▶ _Work to be completed_:
Print the records below exactly as they appear.

▶ _Available data_:
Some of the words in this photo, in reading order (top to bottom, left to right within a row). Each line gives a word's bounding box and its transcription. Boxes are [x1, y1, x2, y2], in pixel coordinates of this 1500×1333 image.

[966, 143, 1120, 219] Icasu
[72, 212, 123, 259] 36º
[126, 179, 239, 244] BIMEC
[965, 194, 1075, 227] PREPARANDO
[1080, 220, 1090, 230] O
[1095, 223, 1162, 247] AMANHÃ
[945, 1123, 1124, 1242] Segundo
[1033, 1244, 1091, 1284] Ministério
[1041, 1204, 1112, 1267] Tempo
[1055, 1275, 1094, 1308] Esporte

▶ _Task response_:
Some of the words in this photo, in reading order (top to bottom, left to right within a row). Each line gives a word's bounding box and its transcription. Boxes are [x1, y1, x2, y2], in pixel coordinates of this 1500×1333 image.

[966, 143, 1120, 219] Icasu
[72, 212, 123, 259] 36º
[126, 179, 239, 244] BIMEC
[965, 194, 1075, 227] PREPARANDO
[1080, 220, 1090, 230] O
[1095, 223, 1162, 247] AMANHÃ
[945, 1123, 1124, 1242] Segundo
[1033, 1244, 1091, 1284] Ministério
[1041, 1204, 1112, 1267] Tempo
[1055, 1275, 1094, 1308] Esporte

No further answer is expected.